Model Layer Phase-2 hardening — the four router.py-heavy items deferred from the Fable Model Layer critique (Phase-1 landed in #114). Design doc: docs/superpowers/specs/2026-06-11-model-layer-fable-critique-design.md.

Findings → fixes

#	Fix
#5	Per-provider circuit breaker. Replaced the single shared `CircuitBreaker` with a per-provider dict; `resilient_call` gets the breaker of the provider that actually runs the call (the fallback's provider after an overflow escalation). An Ollama outage opening Ollama's breaker no longer short-circuits Anthropic. Breaker-open now dispatches a fallback alert, not just a critical log.
#7	Token-truncation tripwire + self-calibrating divisor (design A). `tokens_in >= num_ctx − output_reserve` on an Ollama call ⇒ suspected silent truncation: log + alert + log the suspect-but-billed row (`interrupted=1`) + re-dispatch once to the fallback alias — or loud-fail with `ContextOverflowError` when none (KEEP path preserved). The `len//4` estimator is now calibrated by a per-task-type EMA (clamped, safety-factored) via `OllamaConfig.token_estimation`. No tokenizer dependency.
#2	Log billed calls on every error/retry path.

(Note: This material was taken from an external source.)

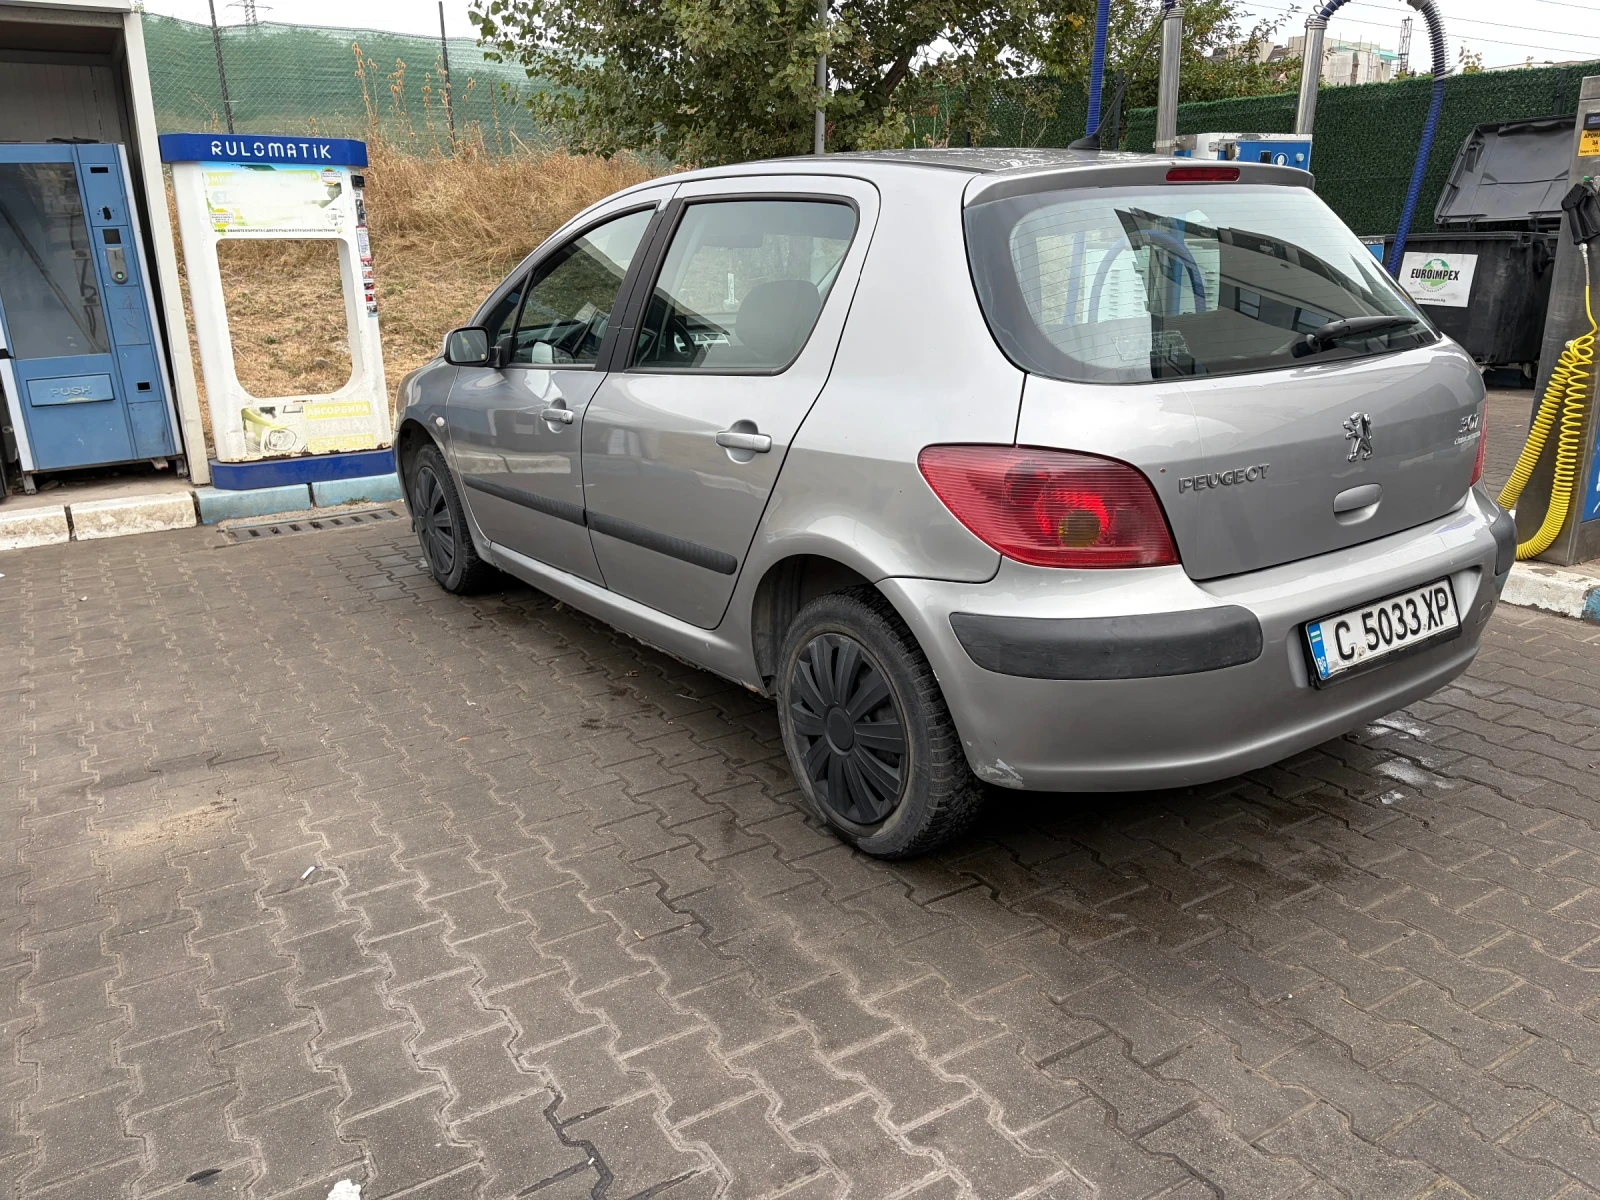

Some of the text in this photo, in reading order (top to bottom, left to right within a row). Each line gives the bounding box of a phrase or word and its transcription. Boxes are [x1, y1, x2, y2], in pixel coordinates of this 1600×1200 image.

Providers capture `usage` before parsing and raise `ResponseParseError` carrying metadata; `resilient_call` gained `is_retryable` + `on_attempt_failure` hooks + a shared `is_transient_error` classifier (retry transport/5xx/408/425/429/529; fail-fast 4xx/auth). One `invocation_log` row per billed attempt (`interrupted=1` on failure); parse failures retry at most once.
#3	Shadow through `complete()` (design B core). `_run_shadow` recurses into `complete(is_shadow=True)` via a synthetic `<task_type>::__shadow__` route, so shadow spend is budget-pre-checked, logged (`is_shadow=1`, real `cost_usd`), and breaker-guarded. Airtight recursion guard (a shadow never spawns its own shadow) + `shadow.enabled` kill-switch (default false). Resolves via `_lookup_routing_entry` (prefix-aware). Deleted the dead `TaskTypeEntry.shadow` field + the inert `shadow:` key in `task_types.yaml`.

KEEP list (verified, not "fixed")

The loud-fail ContextOverflowError when no fallback (the fix closes the under-estimate hole, doesn't soften the error), config-driven longest-prefix routing, the fire-and-forget-with-strong-refs shadow task pattern, and Ollama's loud NotImplementedError for tools/messages.

Deferred

The statistical weekly shadow stable-state auto-disable job — ML-FABLE-P2 in followups.md, trigger = shadow.enabled: true in prod. The config kill-switch + accounted spend landed now.

Review + testing

The router-heavy implementation was reviewed for the three highest-risk properties: the shadow recursion guard (runaway-spend risk), the tripwire's loud-fail preservation, and the breaker keying to the post-escalation provider. New test_router_phase2_hardening.py + updates; 90 Phase-2/resilience tests green, full model-layer suite green, ruff + mypy clean. (The 5 pre-existing failures are the environmental HuggingFace-403 sentence-transformers download.)

Spec §4.2/§4.4 + docs/domain/model-layer.md synced. Branched off main.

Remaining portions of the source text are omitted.